By December 6, 2013, Venus’ phase will shrink dramatically to nearly 25% illuminated, yet – because the distance between us and Venus will be less – Venus’ disk as seen through a telescope will appear considerably larger than on November 6. That is why Venus will reach what astronomers call “greatest illuminated extent” or “greatest brilliancy” on December 6. Image credit: US Naval Observatory

The angular diameter of Venus’ disk – pole-to-pole apparent diameter – will be a solid one and one-half times larger on December 6 than it is on November 6. The increased size of Venus’ disk will more than make up for Venus’ shrinking phase. On December 6, 2013, the illuminated portion of Venus will cover over the maximum amount of our sky for this present apparition of Venus in the evening sky. Astronomers will say that Venus is at its greatest illuminated extent or greatest brilliancy at this juncture.

So watch Venus through a telescope, starting this evening and over the coming month, as its phase shrinks but its apparent disk size increases.

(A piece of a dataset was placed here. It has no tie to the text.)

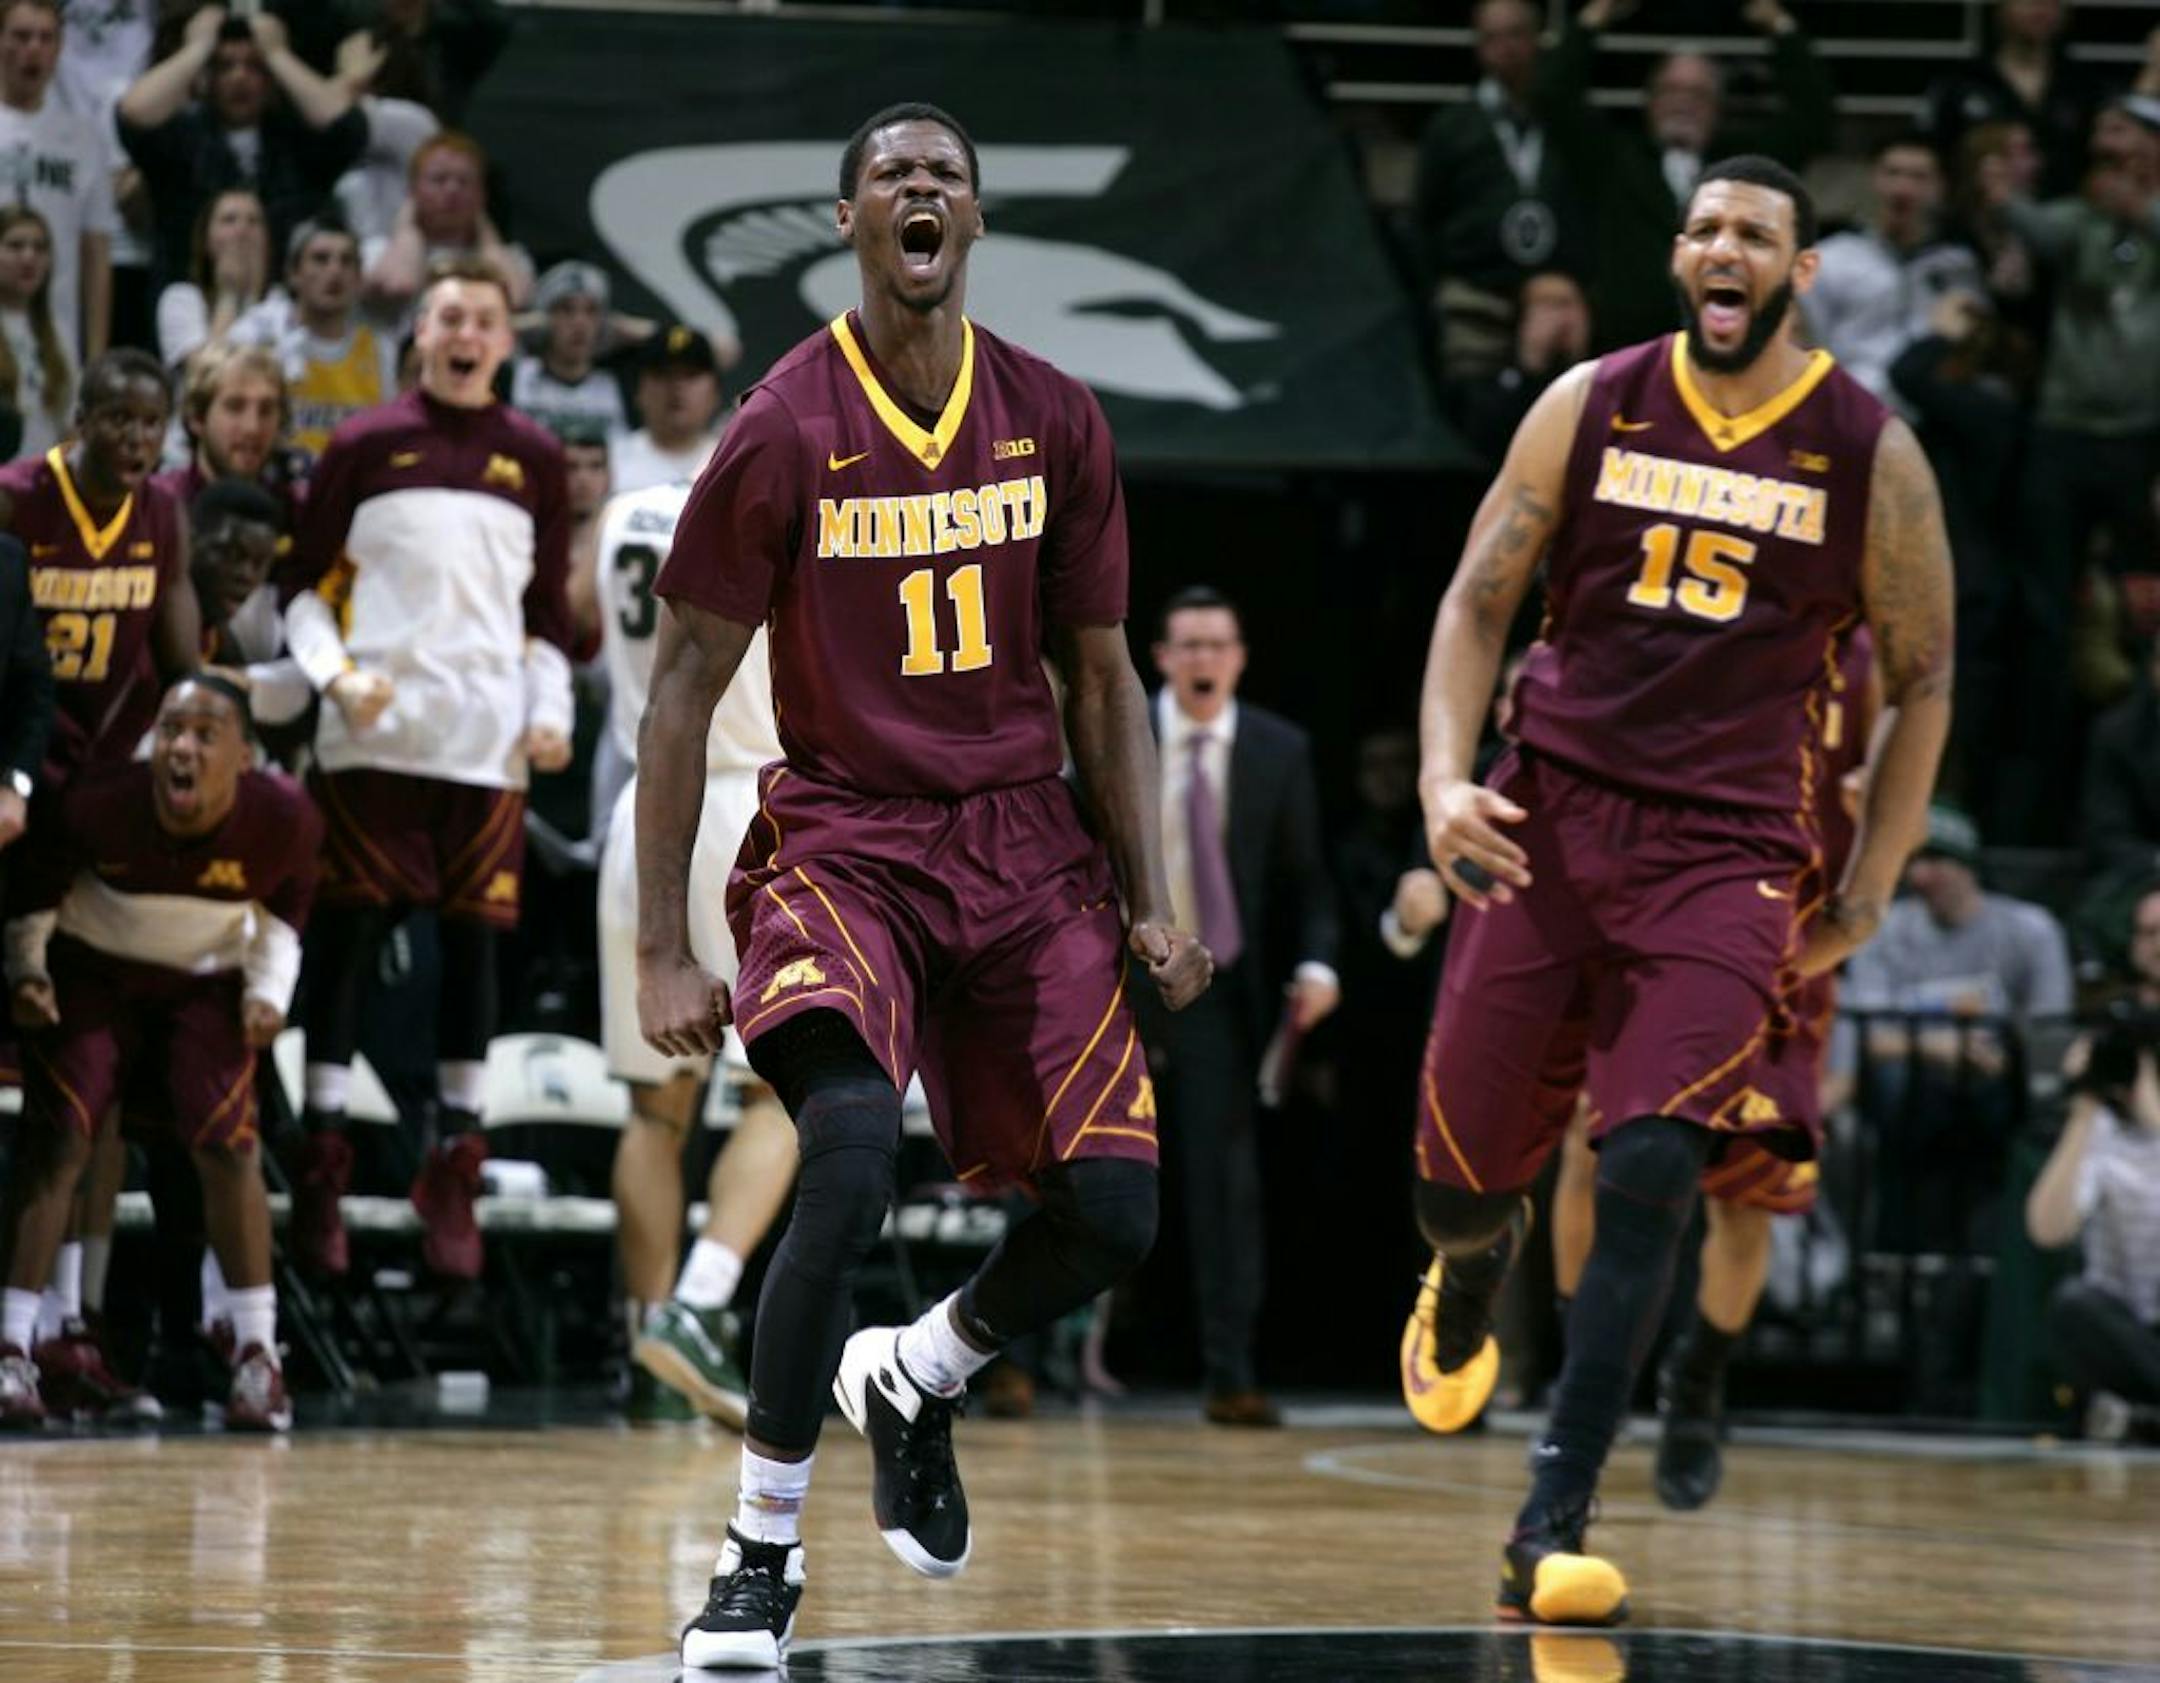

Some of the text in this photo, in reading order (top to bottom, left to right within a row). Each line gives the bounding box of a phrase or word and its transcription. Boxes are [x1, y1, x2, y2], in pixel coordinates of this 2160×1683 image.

Venus will stage its greatest illuminated extent – or greatest brilliancy – on December 6, 2013.

View larger. | Moon and Venus seen earlier today - November 6, 2013 - by EarthSky Facebook friend Jv Noriega in the Philippines.  Thank you, Jv!

View larger. | Moon and Venus seen earlier today – November 6, 2013 – by EarthSky Facebook friend Jv Noriega in the Philippines. Thank you, Jv!

Bottom line: Watch for a bright planet near the moon on Wednesday, November 6, 2013. The planet is the brightest one in our skies: Venus.